El 69 era la línea privada de Fazzini, sólo utilizada en casos de extrema urgencia. En el momento en que justamente pensaba que el de la centralita iba a cortarle para decirle que telefonease por la mañana, se oyó un clic y una voz tersa dijo:

—Pronto. Qui parla Fazzini.

Makonnen titubeó un solo instante. El asunto era importante. Lo bastante importante para levantar a un cardenal de la cama.

—Eminencia, soy el padre Makonnen, addetto de la nunciatura de Dublín. Siento… siento molestar a vuestra eminencia a estas horas, pero… se ha producido una gran tragedia.

Muy a su pesar, notaba que la voz le fallaba. Miró en derredor al cuerpo exánime de Balzarin, rígido en su poltrona. De momento, prescindía de sus preocupaciones personales y volvía a ser un diplomático cuyo único deseo es evitar un escándalo que perjudicase a la Iglesia. Después pensaría en el sarcasmo de aquella situación.

—Padre, son las dos de la mañana —decía la voz firme de Fazzini, con cierto deje de sueño—. Sea cual sea la tragedia, estoy seguro de que el arzobispo Balzarin sabrá hacerle frente hasta una hora más razonable.

Makonnen respiró hondo.

—Lamento… decirle a vuestra eminencia que… el arzobispo ha muerto.

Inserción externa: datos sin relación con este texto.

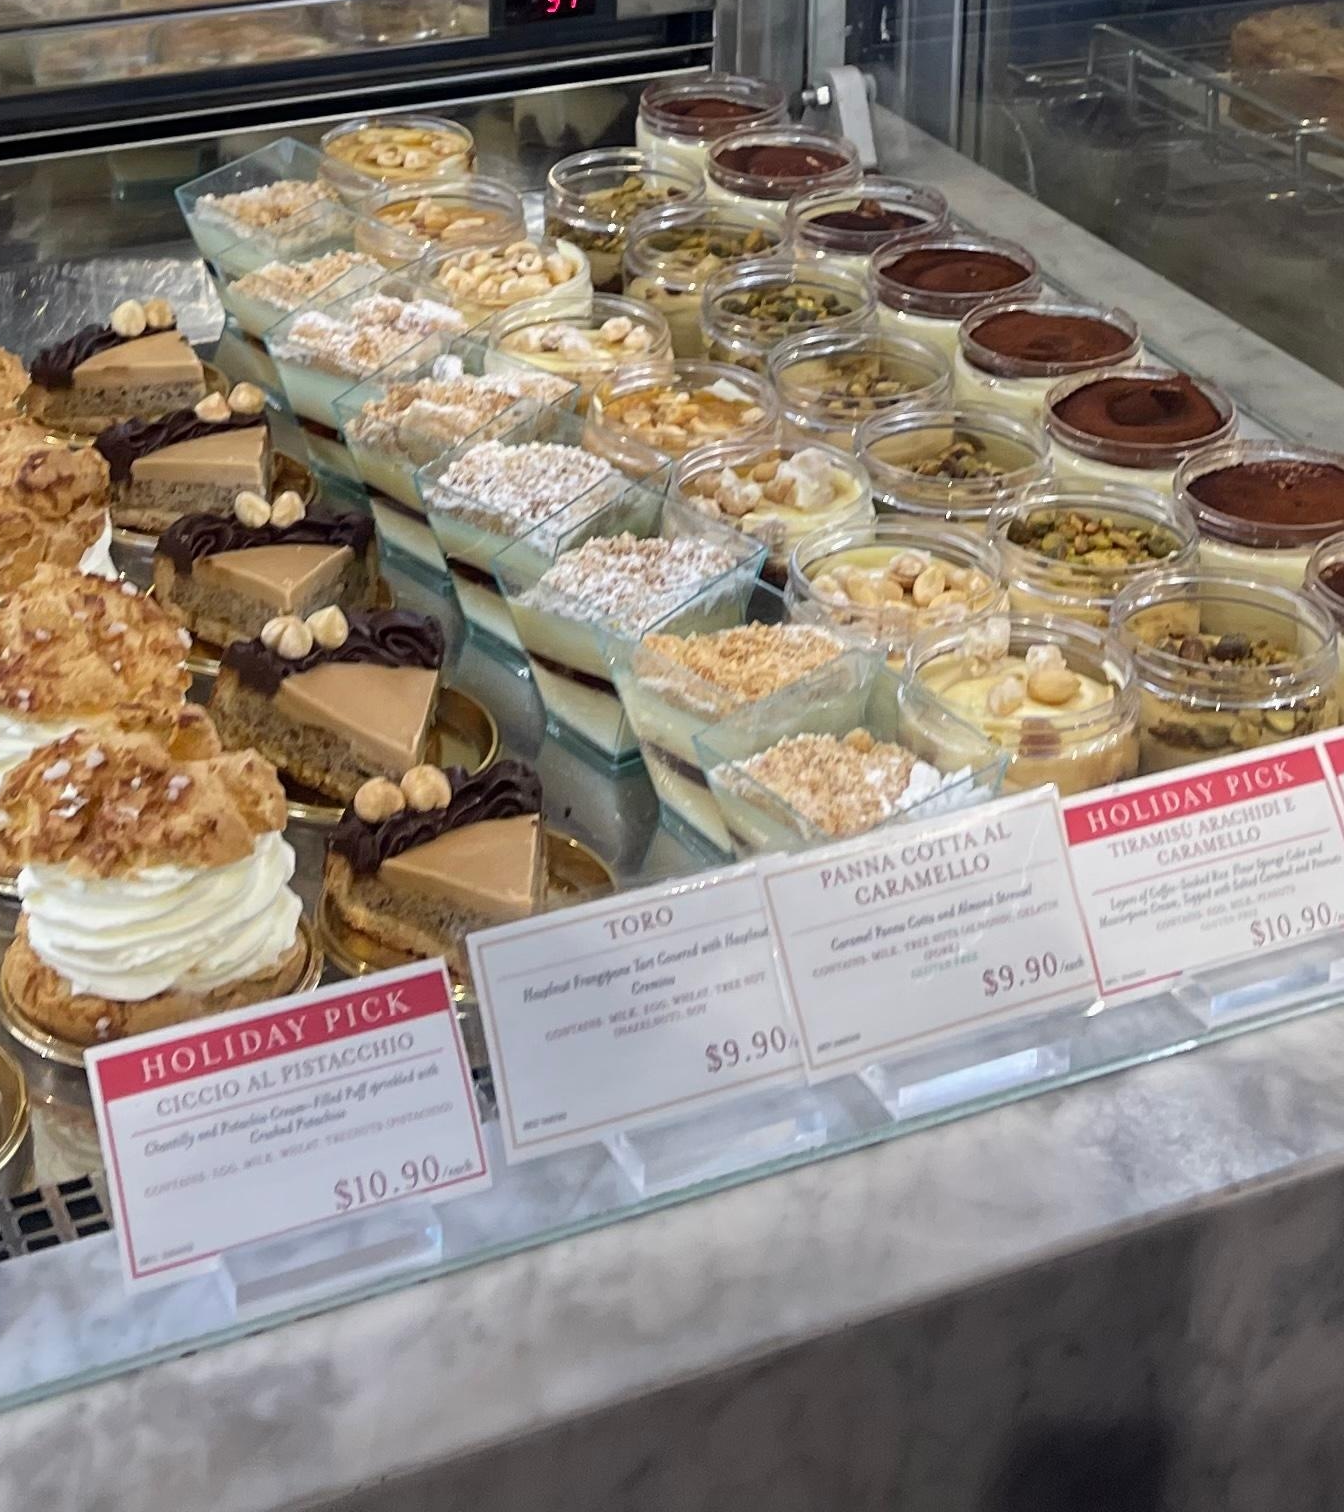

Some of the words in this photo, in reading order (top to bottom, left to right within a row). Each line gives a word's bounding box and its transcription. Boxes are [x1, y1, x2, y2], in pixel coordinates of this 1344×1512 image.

Creo que… se quitó la vida. Si é suicidato, yo…

—¿Está usted a solas, padre?

—Sí, yo…; los demás están fuera. El ama de llaves que tenemos ahora no duerme en la nunciatura y no viene hasta las diez. El único que está aquí es el padre Diotavelli de la Santa Sede, que está durmiendo. Si…

—Escúcheme bien, padre Makonnen. Si es cierto lo que dice y el arzobispo realmente se ha suicidado, no dudo que comprenderá usted la necesidad de… discreción. Me imagino que no habrá usted comunicado a nadie más este… lamentable descubrimiento.

—Así es, eminencia.

—Va bene. Encárguese de que el padre Diotavelli no lo sepa. Lo que menos deseamos es que esos malnacidos de la Congregación para la Doctrina se huelan el asunto. Siempre meten la nariz en todo y hallan pretexto para molestas indagaciones. Mantenga usted a Diotavelli al margen de esto a toda costa.

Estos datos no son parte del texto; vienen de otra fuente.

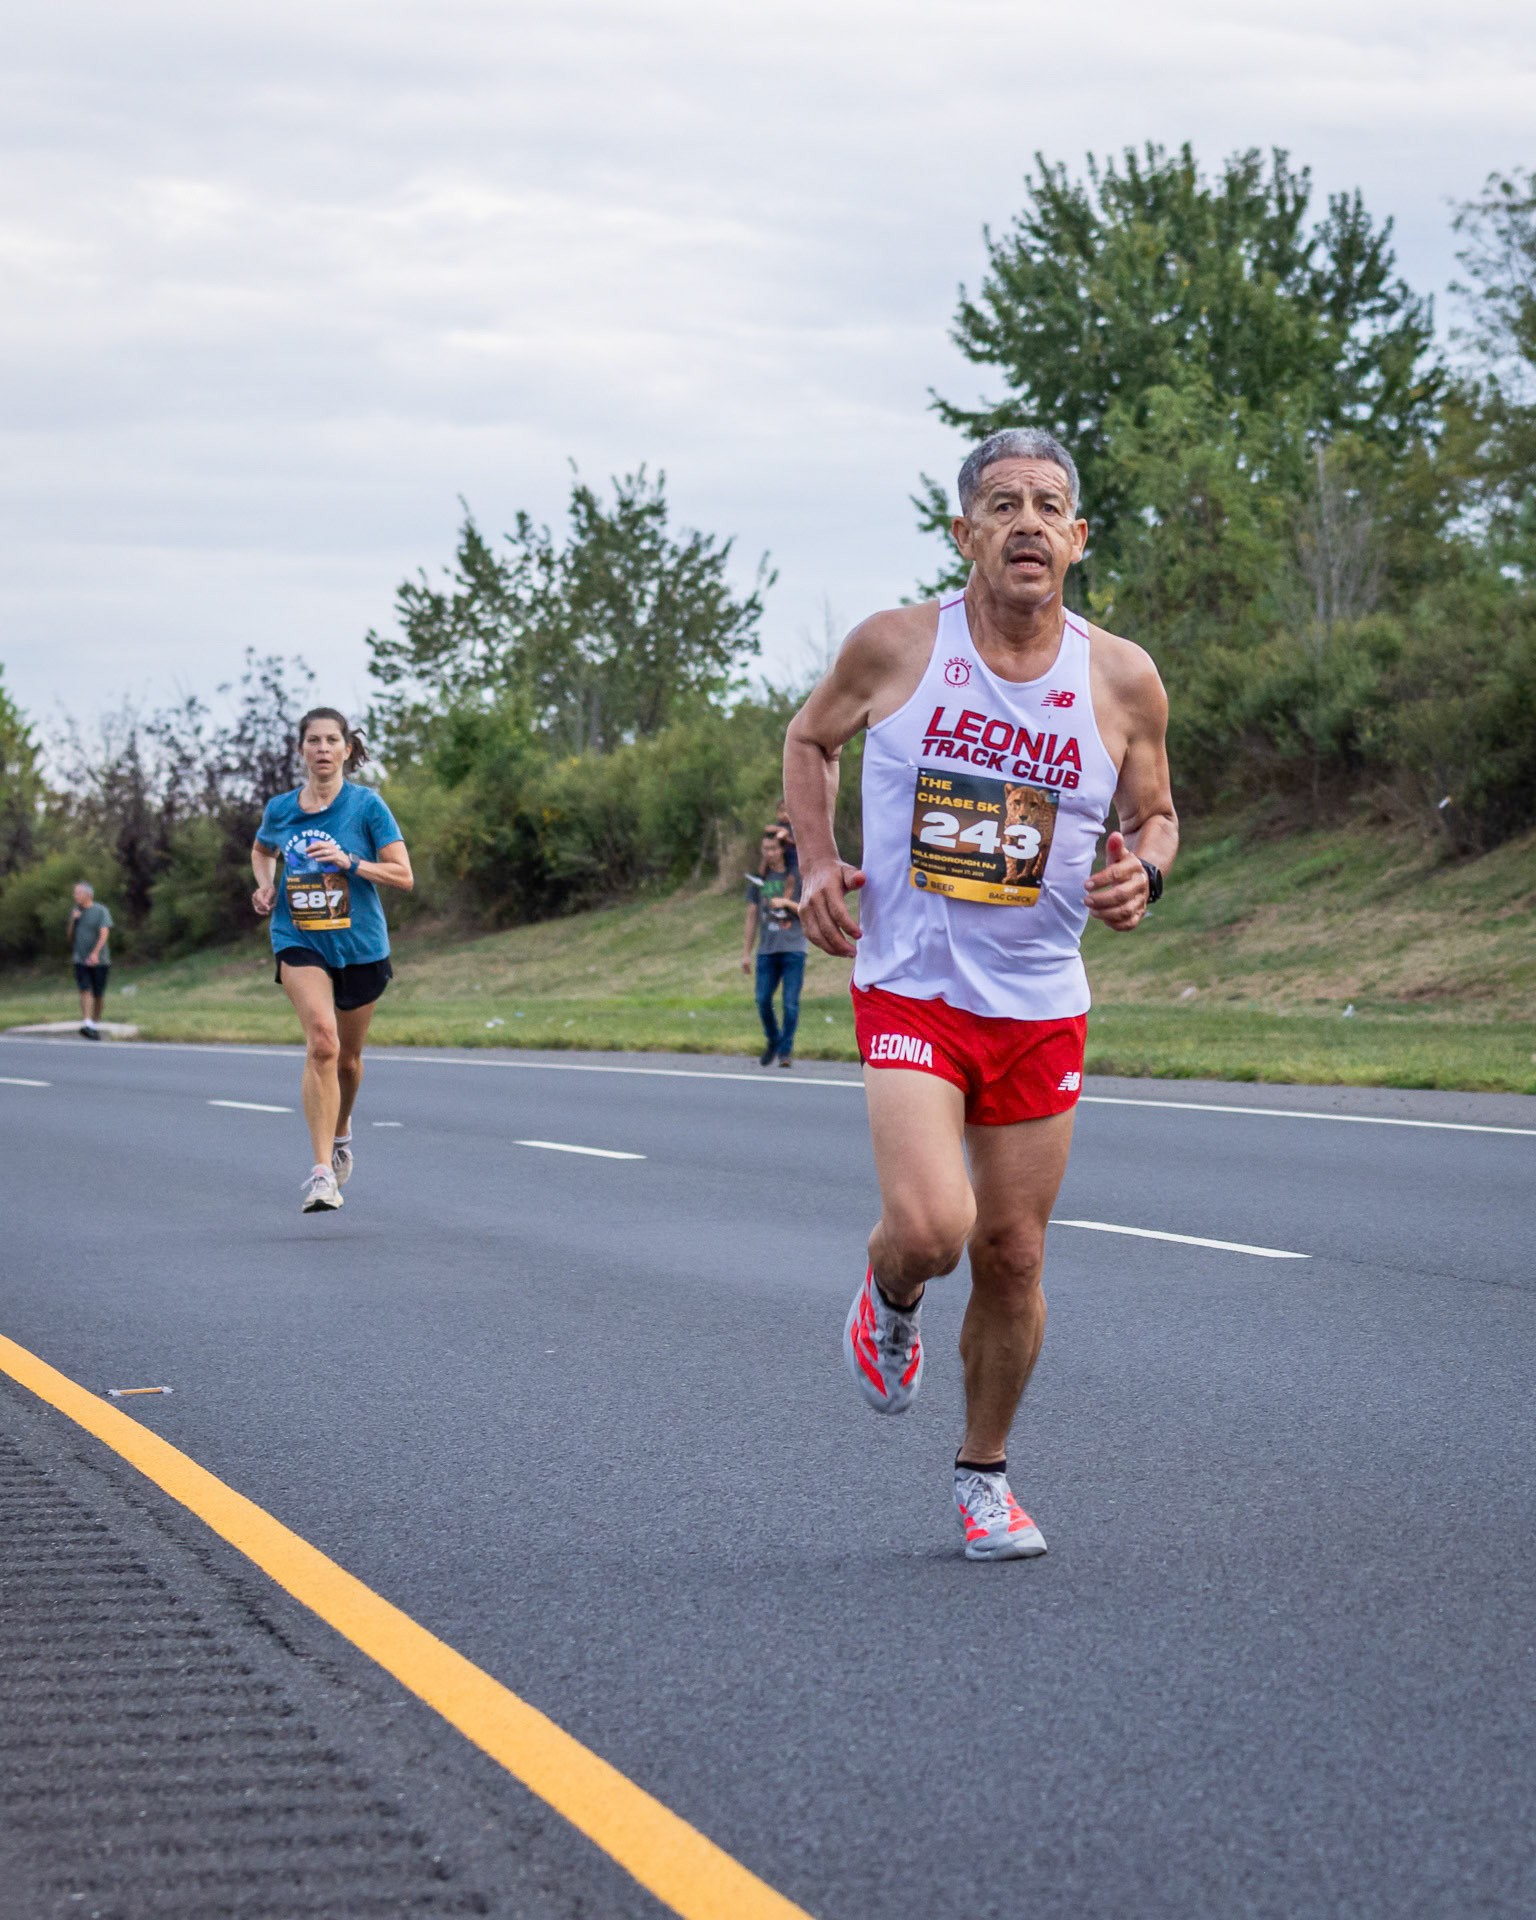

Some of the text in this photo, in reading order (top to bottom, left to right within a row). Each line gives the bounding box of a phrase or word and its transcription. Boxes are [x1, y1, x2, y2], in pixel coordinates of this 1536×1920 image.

»Una cosa muy importante, padre. No quisiera agobiarle más, pero dígame cómo el arzobispo lo… ha llevado a cabo.

—Pues creo que se ha envenenado, eminencia. Tenía un frasquito.

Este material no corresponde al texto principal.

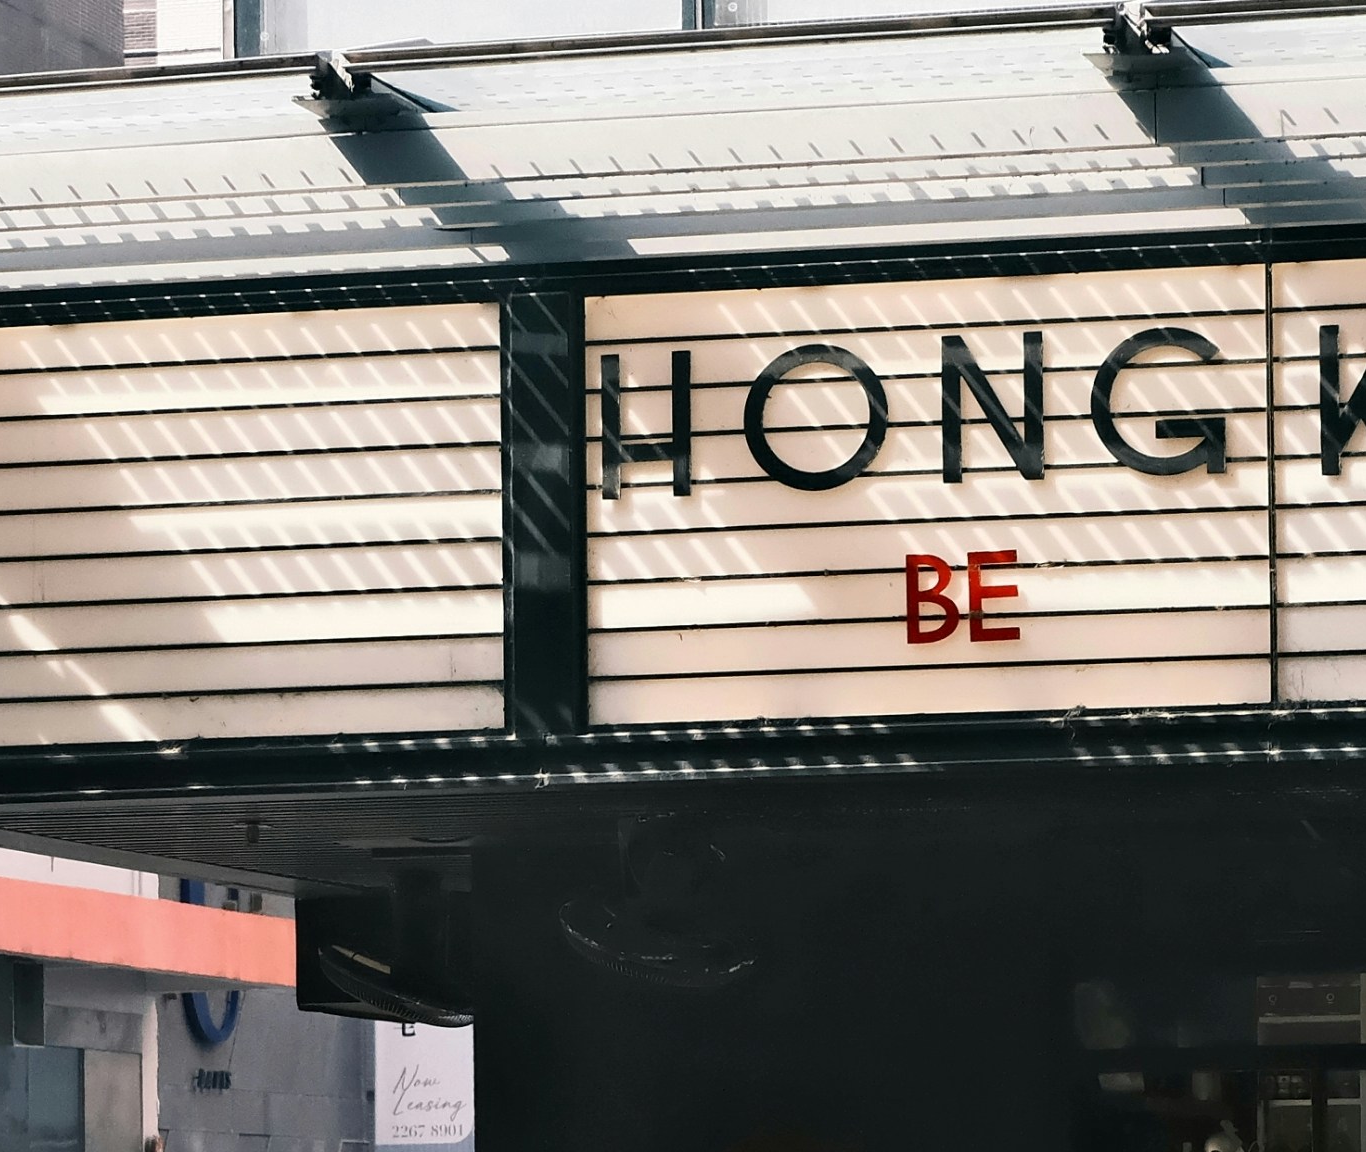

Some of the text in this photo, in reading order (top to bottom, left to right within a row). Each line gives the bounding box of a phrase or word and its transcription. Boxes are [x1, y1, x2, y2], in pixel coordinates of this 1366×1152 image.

—¿Veneno? Bene. ¿No hay sangre ni el cadáver tiene señales de ningún tipo? Nessun segno sul corpo? —No.

—Muy bien. ¿Ha encontrado al arzobispo en la cama? —No, eminencia; está en su despacho. Le telefoneo desde el mismo.

Se hizo una pausa. Makonnen alzó la vista y vio en la pared sobre el escritorio el crucifijo colgado de un clavo. La imagen de Cristo era pequeña, blanca, y su cuerpo herido, desmadejado, con la resignación de la muerte. Debajo, en la poltrona, el cadáver de Balzarin, congestionado y enigmático, parecía una burla de la lívida imagen.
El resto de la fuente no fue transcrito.